An e-mail address has been set up for passengers to contact the inquiry team and Mr Garnett said he would expect to interview some of them face-to-face.

After their ordeal, some passengers stuck in the tunnel complained that they had been left in the dark and cold without food, water or sufficient information.

Others unable to get on their trains at all said it had been "an appalling few days".

It's really good to be home. We've been in Brussels for three extra days so we're really relieved
Eurostar passenger Jan

On Tuesday, the first train left Paris at 0810 local time (0710 GMT), and the first departure from St Pancras, in London, was at 0740 GMT.

By late morning, four Eurostar trains had departed from St Pancras, three from Paris and two from Brussels. Each had a capacity of 750 passengers.

Initially, Eurostar prevented customers with on-the-day tickets from boarding while it cleared its backlog, but they were later allowed on board.

Eurostar said it hoped to have carried 26,000 passengers in total by the end of Tuesday.

Passengers with tickets for travel between 19 and 24 December have been told they can go to a terminal on Wednesday or Thursday and Eurostar "will do its best to allocate a seat on the next available train".

But chief executive Richard Brown said services would not return to normal until "after Christmas".

Some passengers were relieved to get on a train, but others were still angry with the company.

Stephanie Budd, 34, from Wallington, Surrey, finally arrived at St Pancras after taking her four children to Disneyland Paris, and ending up spending three nights in Brussels.

She said: "The lack of information has been awful. Since Friday we have not known when we would be able to get home.

"It just was not explained that this would take so long. I'm so angry."

Out of service

The problems began on Friday, when five Eurostar trains broke down in the tunnel after condensation affected electrical systems.

Eurostar graphic

Another train, which had been laid on to try to clear the backlog, suffered the same fate as it left the tunnel in Kent on Saturday night.

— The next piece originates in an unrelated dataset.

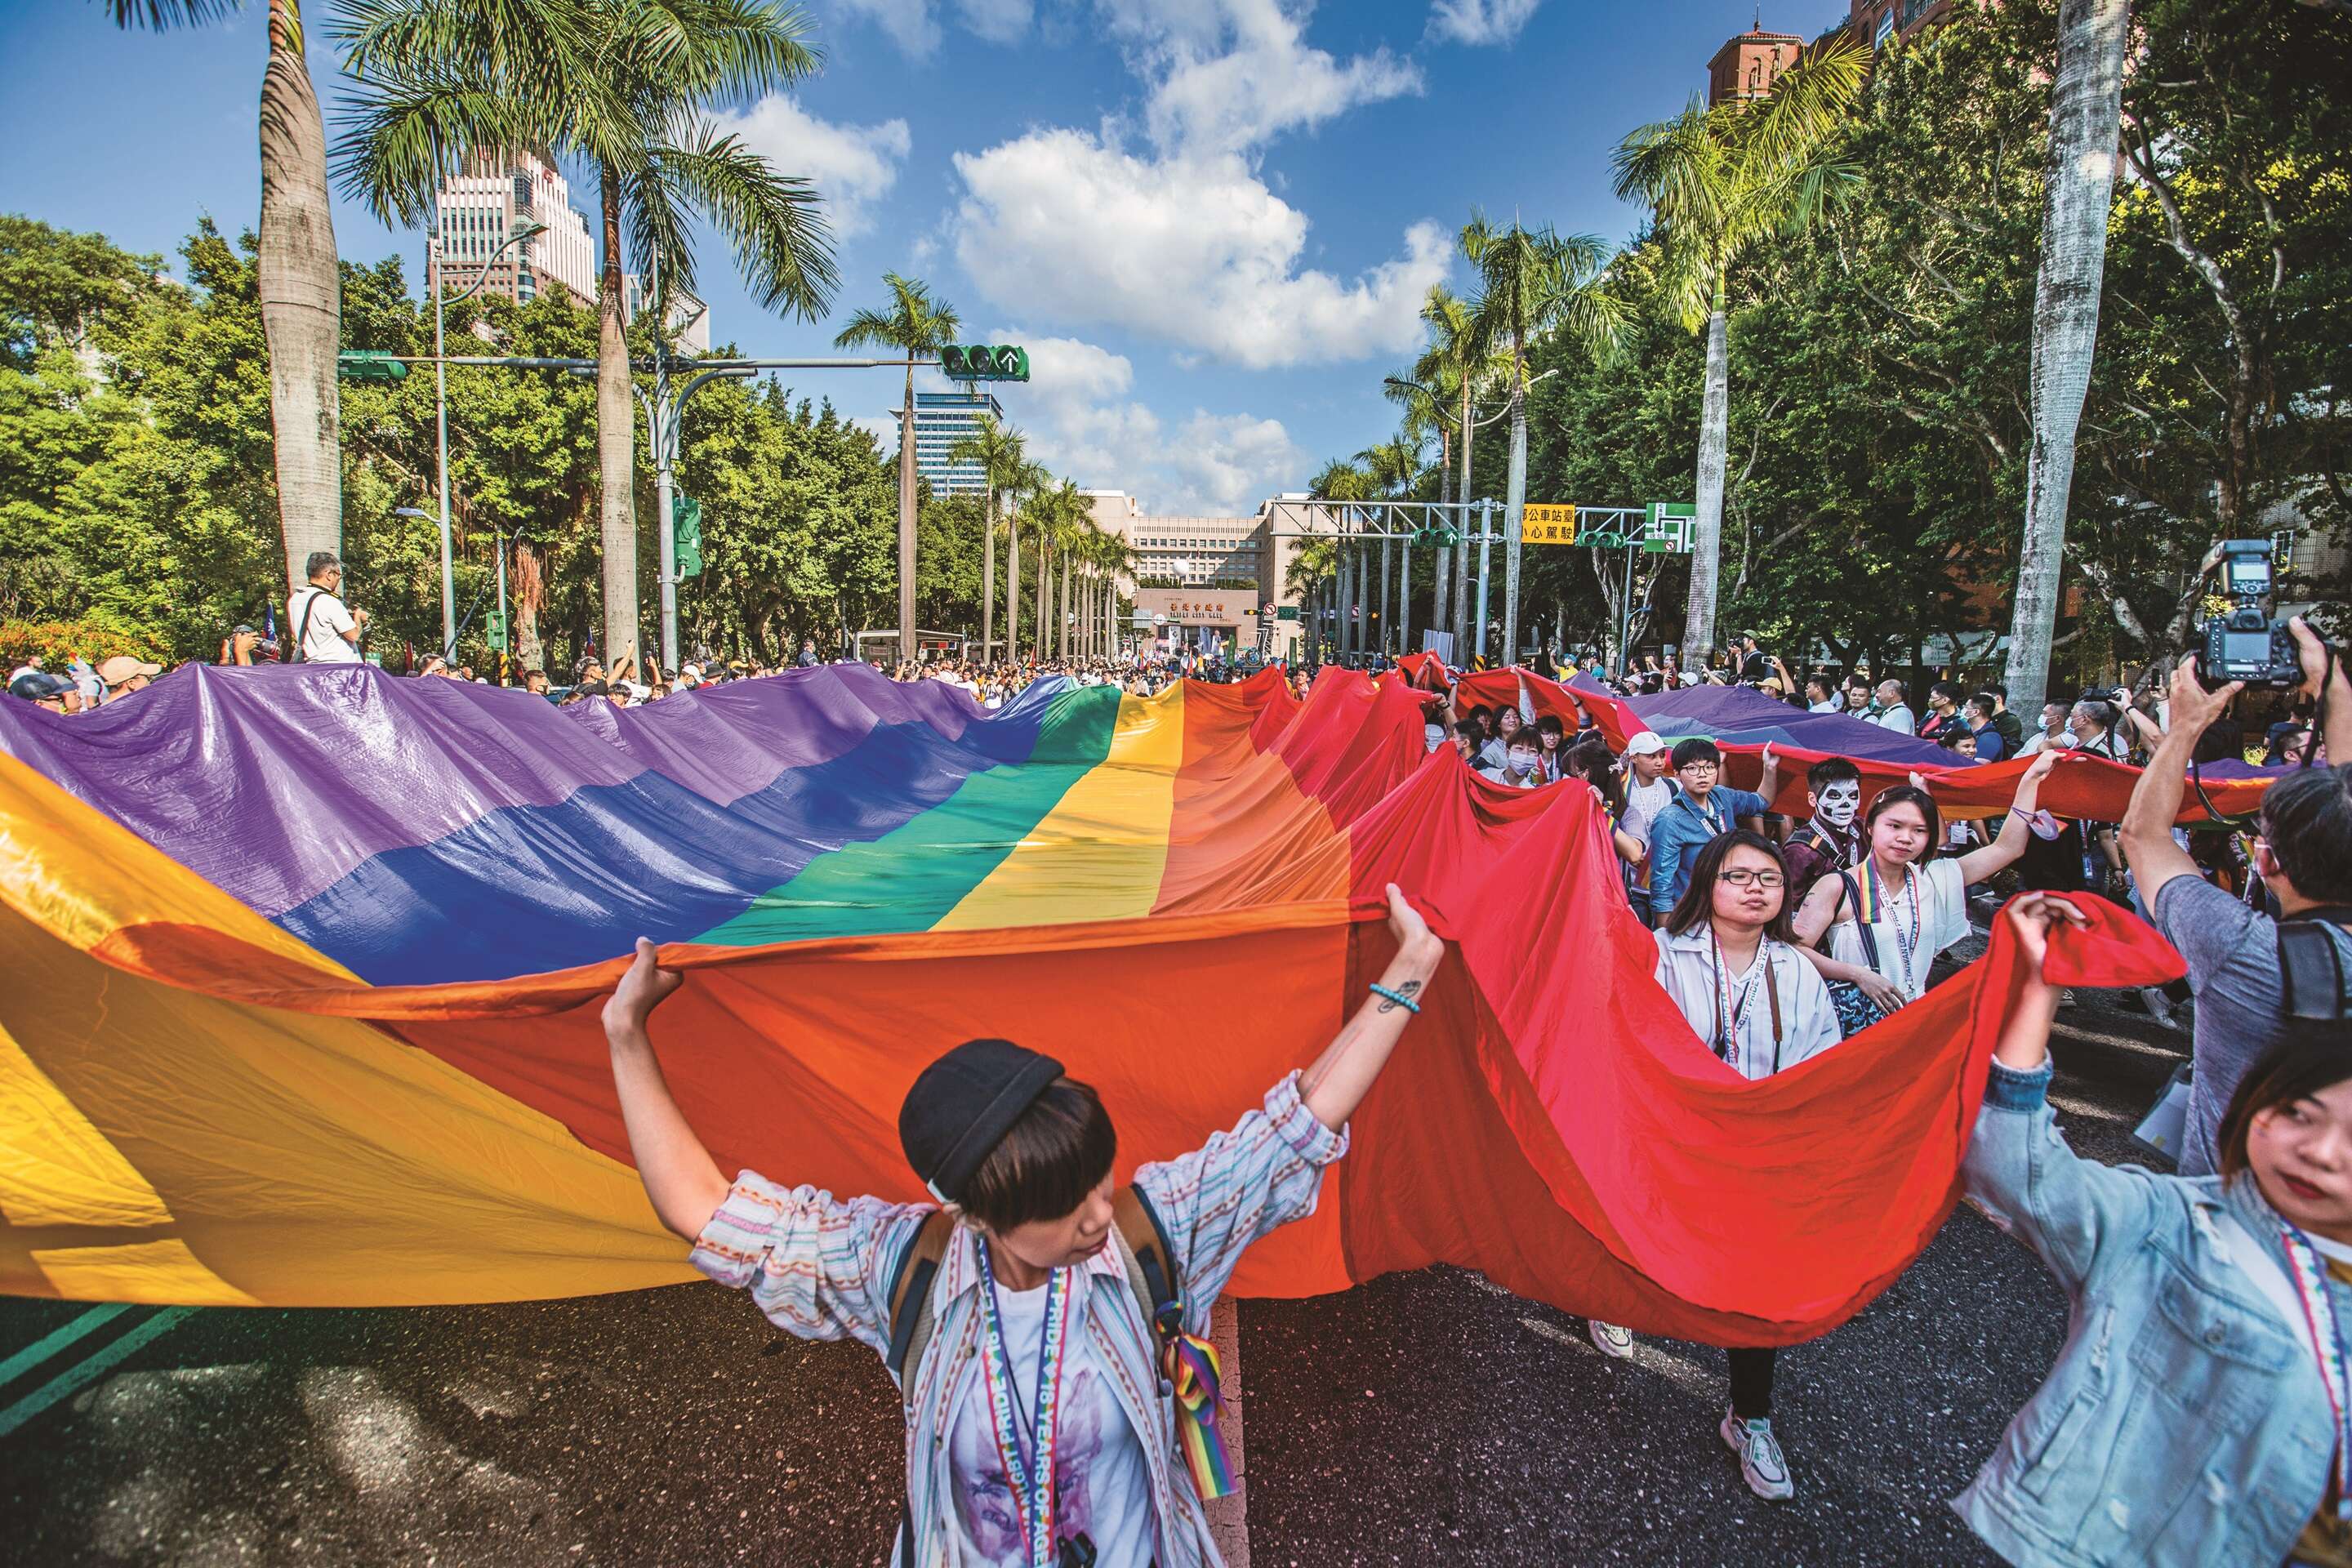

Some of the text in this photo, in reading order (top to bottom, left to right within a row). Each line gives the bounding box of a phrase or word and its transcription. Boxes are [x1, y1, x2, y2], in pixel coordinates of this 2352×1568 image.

Ian Nunn, Eurostar: "We are getting people through and into trains"

The company said snow shields used to protect the trains' electrics had worked for the past 15 years, but a recent cold snap in France had been "unprecedented".

Eurostar trains were taken out of service while it tried to rectify the problem, causing a massive backlog of stranded passengers on both sides of the Channel.

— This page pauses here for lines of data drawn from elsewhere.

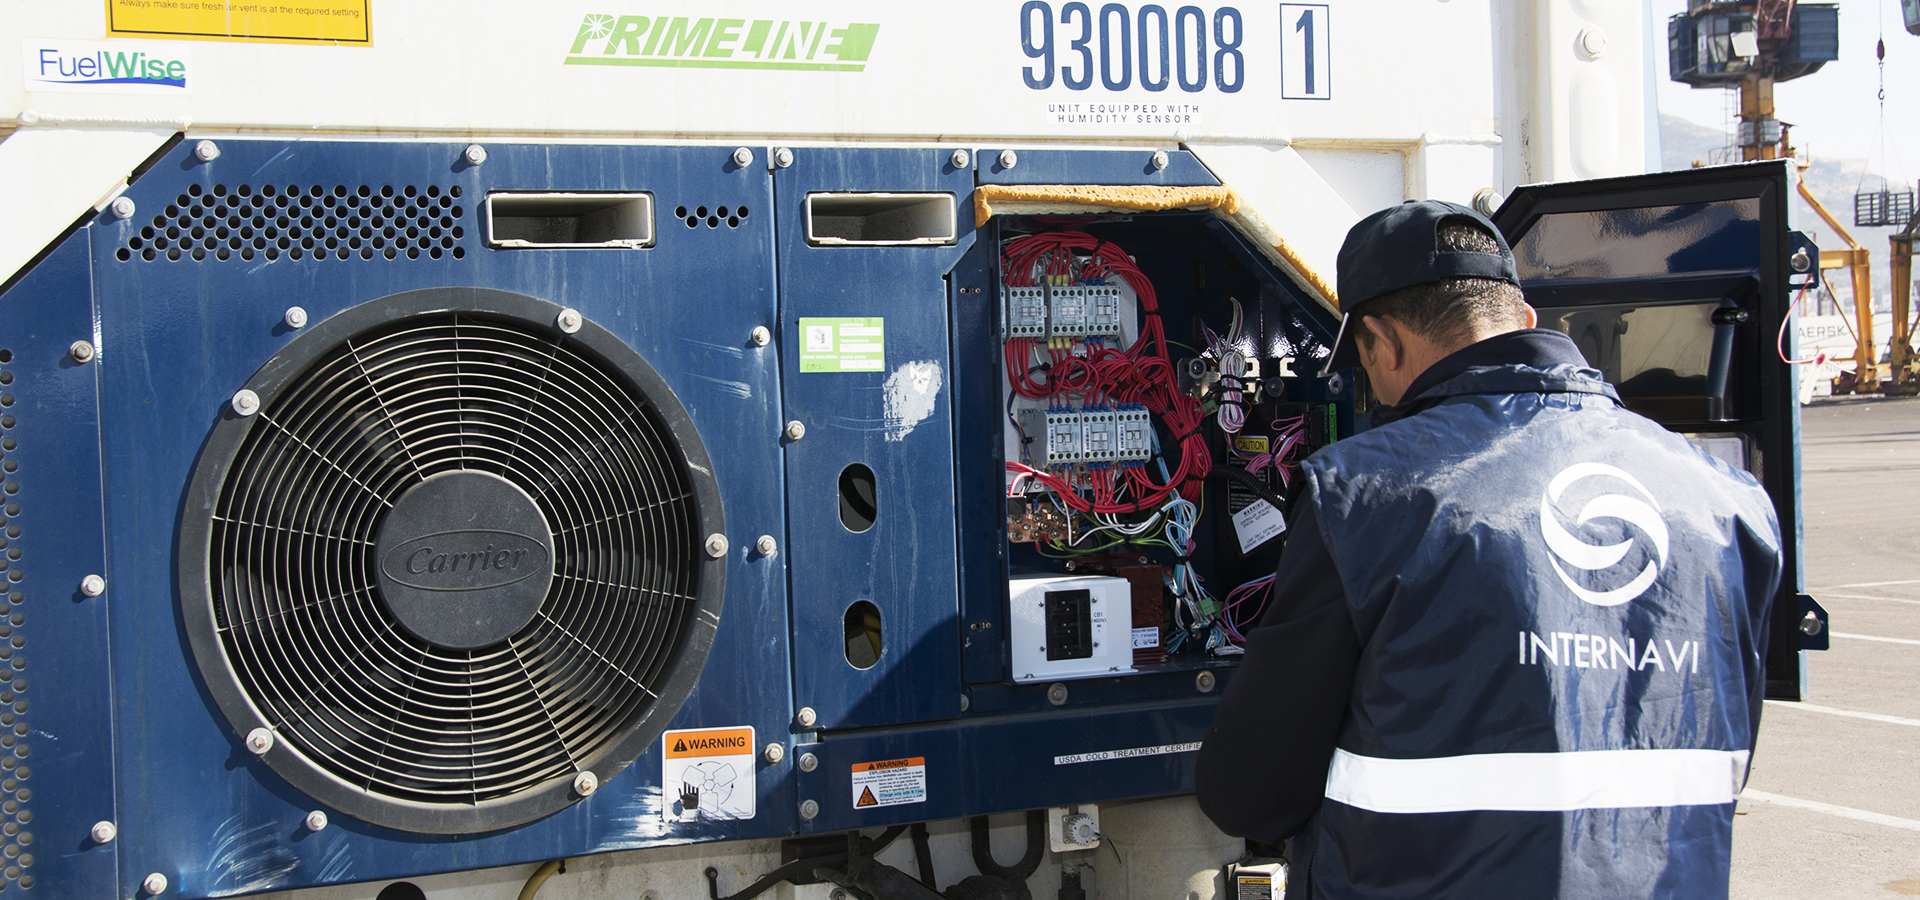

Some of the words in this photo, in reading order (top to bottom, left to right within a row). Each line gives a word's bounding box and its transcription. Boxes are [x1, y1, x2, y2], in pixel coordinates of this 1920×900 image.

[120, 0, 151, 9] Always
[202, 2, 223, 10] fresh
[296, 8, 329, 16] required
[332, 9, 361, 18] setting.
[569, 13, 880, 61] PRIMELINE
[1020, 0, 1244, 93] 930008
[1296, 10, 1314, 94] 1
[40, 49, 186, 80] FuelWise
[1049, 104, 1080, 112] UNIT
[1090, 105, 1157, 113] EQUIPPED
[1240, 440, 1264, 450] CAUTION
[1243, 501, 1264, 516] WARNING
[406, 544, 528, 574] Carrier
[1519, 631, 1698, 674] INTERNAVI
[689, 737, 745, 749] WARNING
[876, 759, 908, 768] WARNING
[1059, 755, 1082, 763] USDA
[1086, 753, 1108, 761] COLD
[1113, 747, 1160, 758] TREATMENT

The company tested modifications to trains on Monday, and said it was confident there would be no problems.

The problems with Eurostar had a knock-on effect for Eurotunnel train services carrying cars and lorries through the tunnel.

It closed its car shuttle service to new passengers on Monday after saying its terminal in Folkestone, Kent, had reached "saturation" point.

A backlog of 7,000 vehicles built up but the process of starting to clear those started on Tuesday.

Day trip bookings for travel on Tuesday and Wednesday have been cancelled.

Eurotunnel said anyone without a reservation or with a day trip ticket should contact it before setting off.